In my little city, music took over the old quarter with representations of many genres. Access for cars to the Casco Antiguo was closed to give way to waves of hurried feet, old feet, skipping feet all going in different directions, all to claim their music. On a deeper level, handing that sense of ownership to everyone who found themselves in the city was the beauty of it. No obstacle course, no artifice, no deception at the end of the road. No freaking VIP sections.

Cienfue playing, raspa'os selling


We took our three kids and naturally set up camp in front of the Rock N' Roll stage at the Teatro Nacional parking lot. We arrived in time to see Carlos Mendez, Cienfue, our good friends Carlos Ivan and Rocío (Son Azul), Maleza with guest star David Levi and the others I didn't get to see most probably because I kept looking down while trying to make sure we remained a party of 5 at all times. Ok, except the last half hour during which I kept looking down so the police officers wouldn't catch me drinking from my 'circumstantially illegal' can of beer.

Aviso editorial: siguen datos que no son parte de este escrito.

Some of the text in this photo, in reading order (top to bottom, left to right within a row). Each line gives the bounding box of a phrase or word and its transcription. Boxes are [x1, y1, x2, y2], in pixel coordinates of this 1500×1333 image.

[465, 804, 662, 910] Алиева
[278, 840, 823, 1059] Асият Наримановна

Our friend David stepping in during Maleza's performance

In nearby venues, people gathered to hear everything from jazz trios to salsa bands, world music performances, Panamanian folkloric music and classical concerts. And people responded. People came and ate and drank and listened to free live music. In the midst of all the bad things happening to this poor country, this sheds a ray of light on all of us. Picks us up and takes us to the surface, at least for the time it lasts and for a short breath of fresh air.

At the end of the night there were tumbling feet, tired feet, drunken feet. Near midnight, after nearly 12 hours of music, everyone was still thirsty for more. And so, with the salsa stage closing the event in one corner, and a dance party hitting it off at the next, the Fête de la Musique came to an end for the second year in Panama. I must say I'm impressed by the seamless organization. If you missed it this year, do count the days till the next.

Lovely concert attendee

More pics here.

April 18, 2008

El día de Julia



...Entonces como hay fotos por montón de bautizo de Julia es mi deber compartir! Fue sin duda un día muy lindo, con gente muy, muy cercana a nosotros. Todo fue puro lovin', era un sentimiento como de agradeciemiento en el aire, por haber podido darle la bienvenida al mundo a esas criaturas.

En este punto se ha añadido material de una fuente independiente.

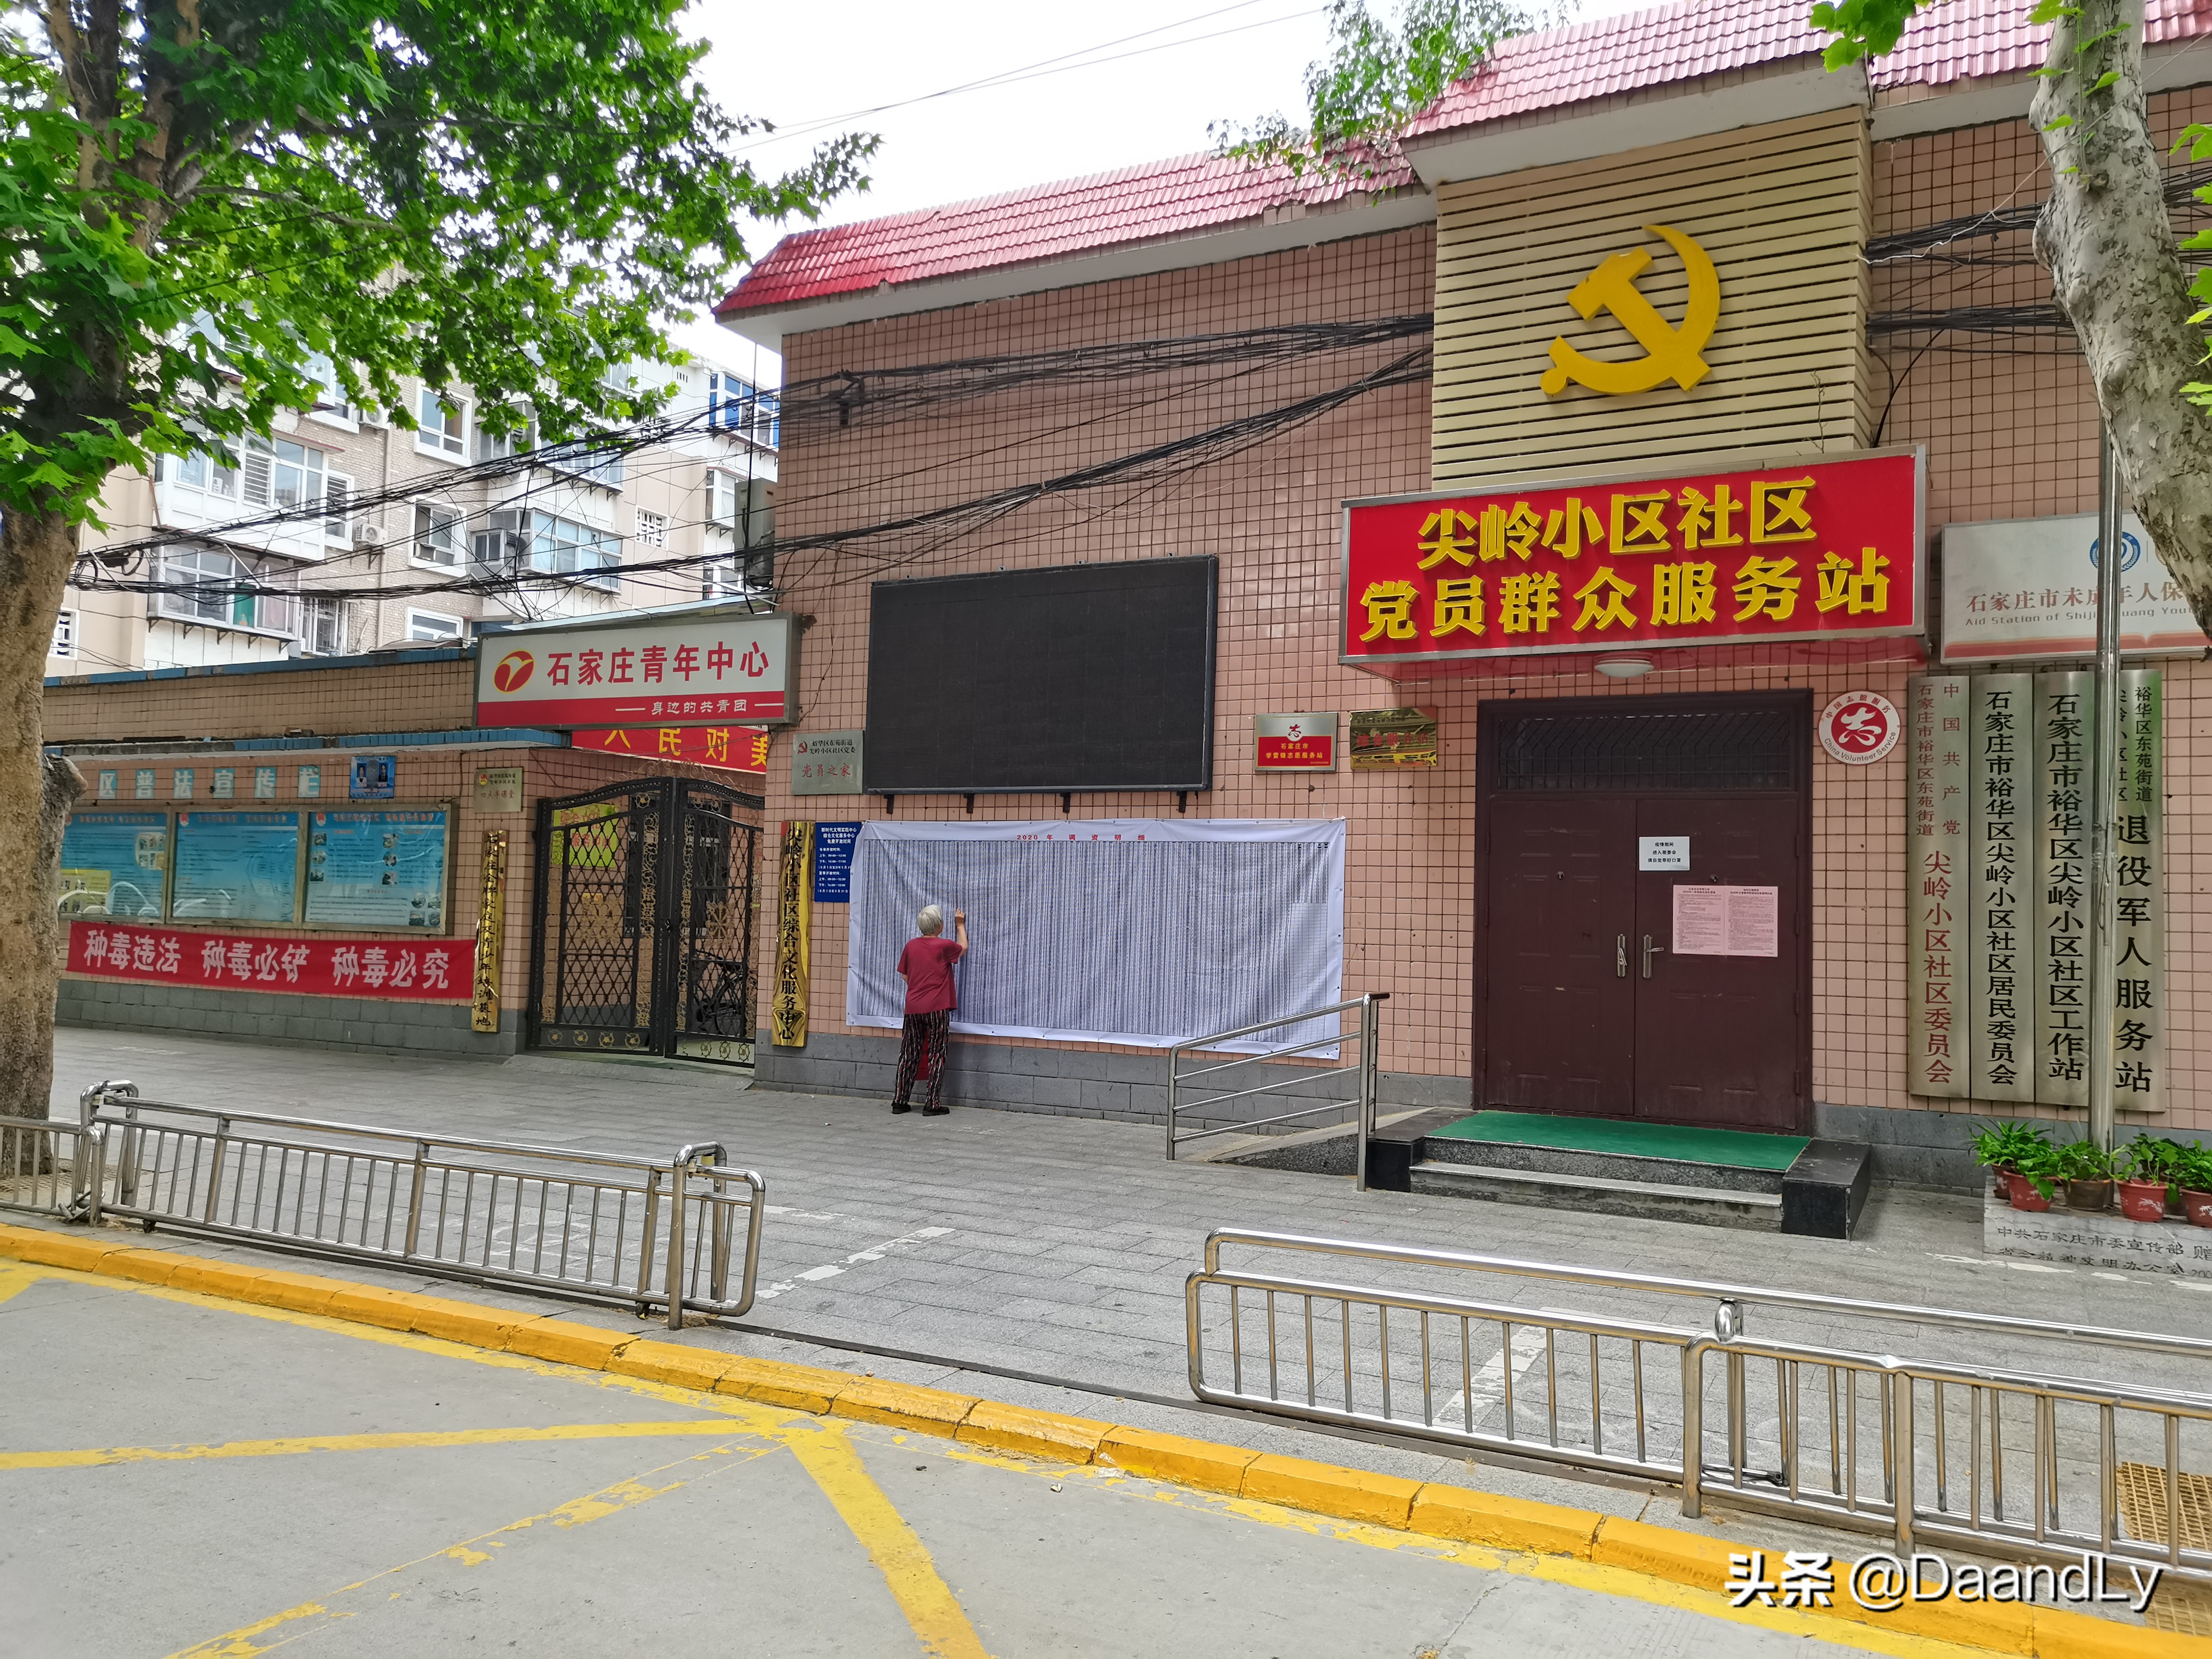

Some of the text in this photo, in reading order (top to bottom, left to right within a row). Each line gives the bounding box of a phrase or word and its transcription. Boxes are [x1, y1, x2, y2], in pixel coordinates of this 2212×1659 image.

[1417, 476, 1817, 570] 尖岭小区社区
[1359, 546, 1891, 643] 党员群众服务站
[1966, 617, 1985, 626] Aid
[1992, 614, 2040, 625] Station
[2046, 613, 2060, 621] of
[547, 641, 769, 686] 石家庄青年中心
[650, 699, 747, 716] 身边的共青团
[812, 739, 853, 747] 裕华区东苑街道
[1357, 732, 1428, 747] 综合服务站
[2135, 686, 2153, 802] 裕华区东苑街道
[99, 767, 319, 799] 区普法宣传栏
[802, 762, 851, 778] 党员之家
[1825, 732, 1896, 762] China Volunteer Service
[1916, 684, 1935, 836] 石家庄市裕华区东苑街道
[1942, 683, 1961, 835] 中国共产党
[1984, 690, 2018, 1086] 石家庄市裕华区尖岭小区社区居民委员会
[2046, 693, 2084, 1081] 石家庄市裕华区尖岭小区社区工作站
[84, 929, 449, 989] 种毒违法 种毒必铲 种毒必究
[778, 827, 802, 1040] 尖岭小区社区综合文化服务中心
[1923, 850, 1953, 1085] 尖岭小区社区委员会
[2115, 815, 2153, 1093] 退役军人服务站
[1997, 1226, 2184, 1255] 中共石家庄市委宣传部

Ver a Julia toda vestida de blanco, radiante, enseñando todo el tiempo su dentadura (dos mitades de dientes)... no tiene precio! Fotos aquí.

April 15, 2008

Sé que estoy falta de fe

El sábado (12 de abril de 2008) bautizamos a nuestra hija Julia en la fe Católica, igual que en su momento lo hicimos con sus dos hermanos, e igual que lo hicieron con nosotros nuestros padres.

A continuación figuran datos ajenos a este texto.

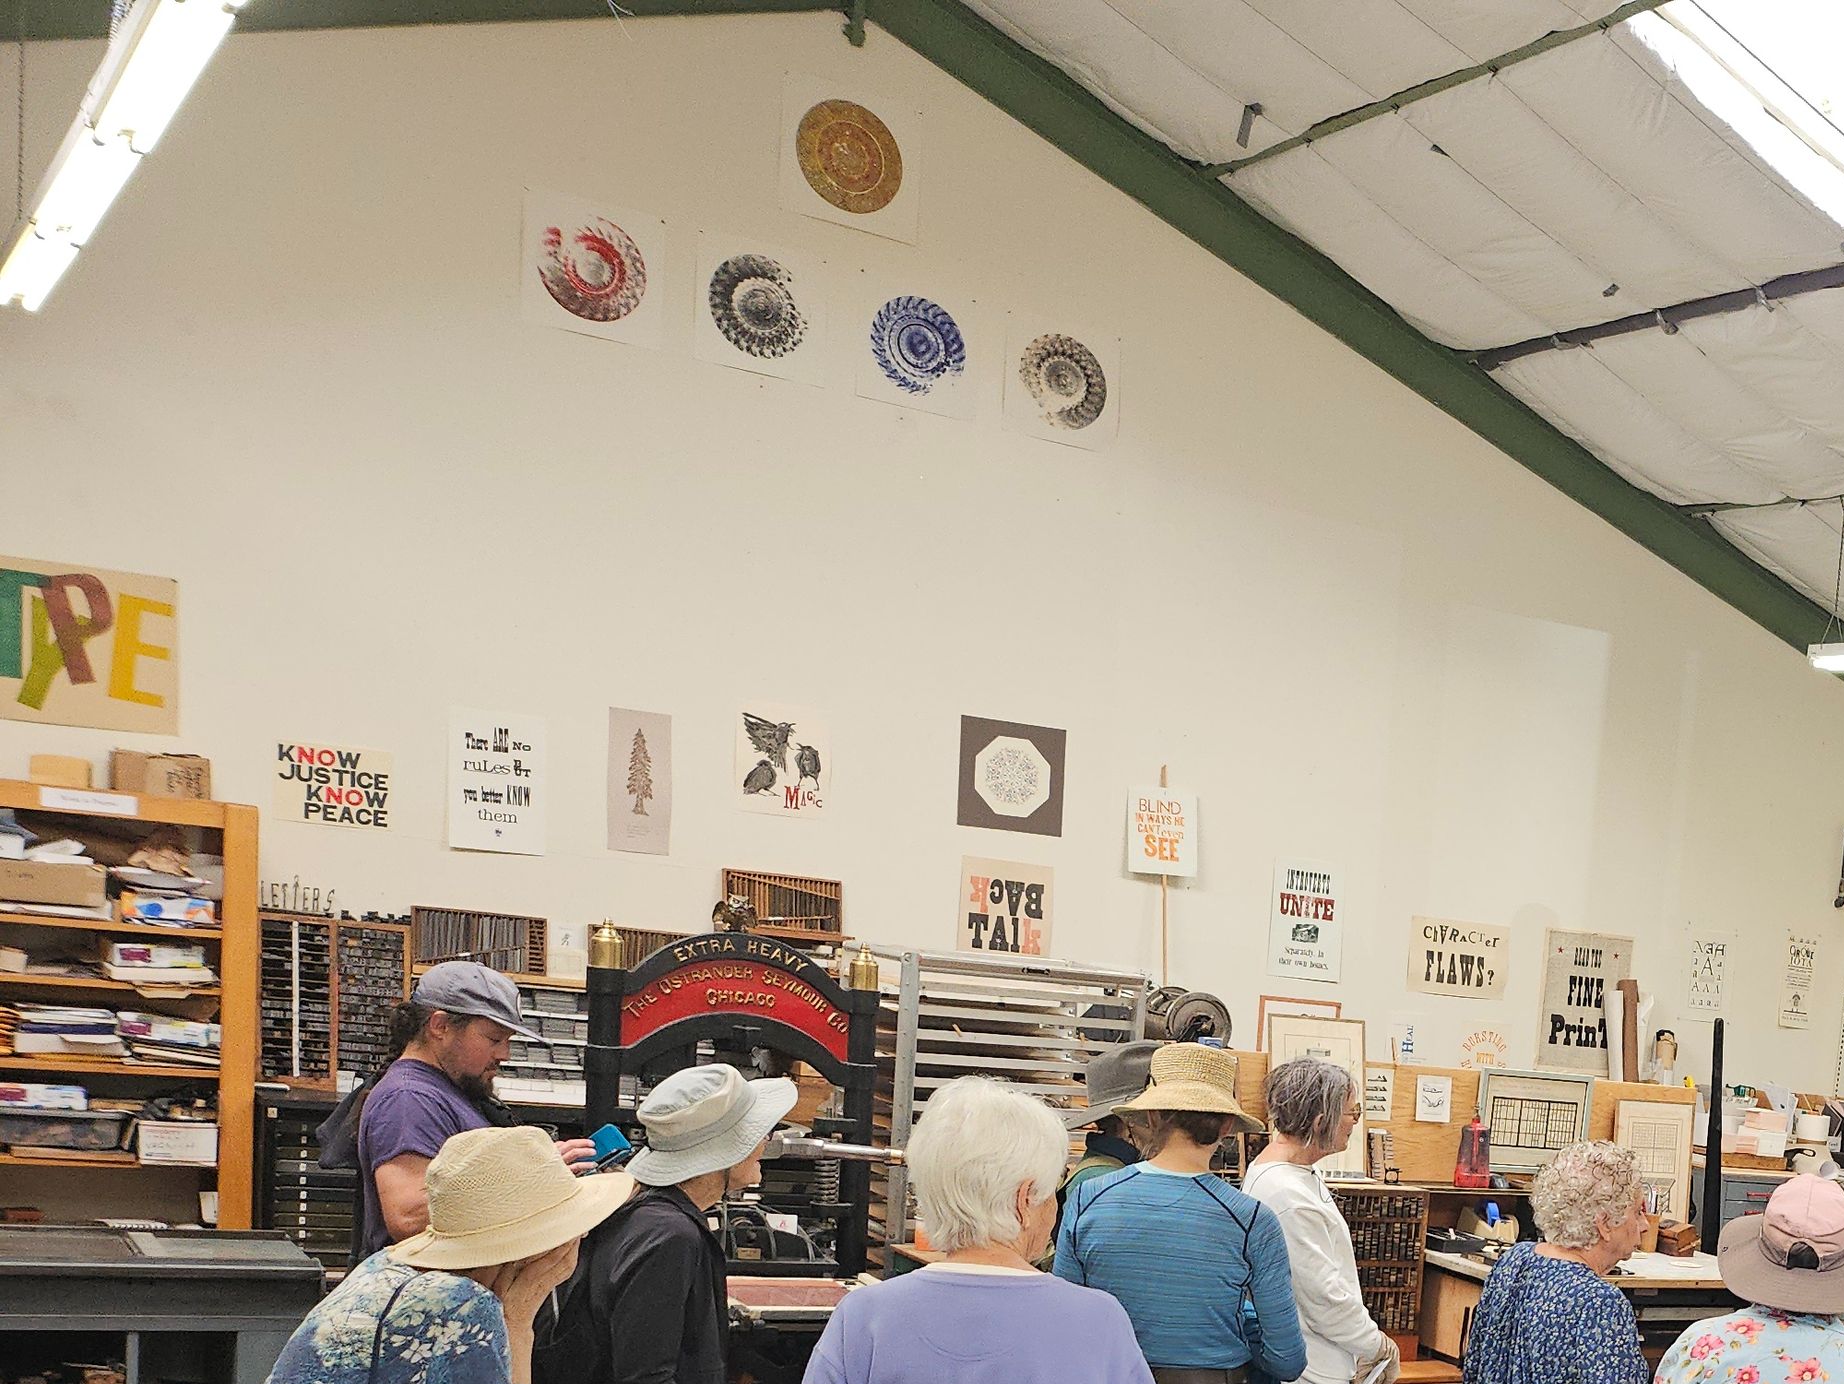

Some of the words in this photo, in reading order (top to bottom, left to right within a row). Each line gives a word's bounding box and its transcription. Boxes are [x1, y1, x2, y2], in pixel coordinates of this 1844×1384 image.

[278, 743, 360, 769] KNOW
[278, 763, 389, 791] JUSTICE
[306, 784, 388, 808] KNOW
[507, 785, 531, 807] KNOW
[1139, 798, 1181, 814] BLIND
[304, 802, 388, 827] PEACE
[478, 809, 518, 823] them
[1136, 813, 1146, 823] IN
[1147, 814, 1172, 825] WAYS
[1161, 828, 1184, 839] even
[1144, 834, 1179, 862] SEE
[1280, 892, 1335, 921] UNITE
[674, 938, 735, 962] EXTRA
[748, 936, 809, 973] HEAVY
[1425, 950, 1494, 987] FLAWS?
[623, 991, 657, 1018] THE
[659, 965, 753, 993] OSTRANDER
[762, 969, 827, 1013] SEYMOUR
[705, 988, 776, 1008] CHICAGO
[1567, 975, 1604, 1008] FINE

Parte de los requisitos para poder participar en esta ceremonia son dos charlas que se dan durante la semana a padres y padrinos de las criaturas. Durante la primera de nuestras charlas, preguntaron la razón por la que estábamos ahí: fe o tradición. Creo que sólo dos personas levantamos la mano contestando que "tradición". Me sentí tranquila con mi respuesta porque, en efecto, estaba cumpliendo con una tradición que había empezado con mi primer hijo y no veo razón para haberla interrumpido con Julia (exagerando: una hora en la iglesia, un baño menos que darle y una comida para un puñado de personas no es nada al lado de una hecatombe familiar, un divorcio y múltiples infartos). Sin embargo, "tradición" no es precisamente la mejor manera de describir mi falta de fe, entonces flotaba en mi cabeza la idea que me ha seguido más de una vez al entrar a una iglesia, la de que en algún momento, por diferir en tantas cosas con mi religión, cuando menos lo espere me va a caer un rayo y, pues, hasta ahí llegó la cosa.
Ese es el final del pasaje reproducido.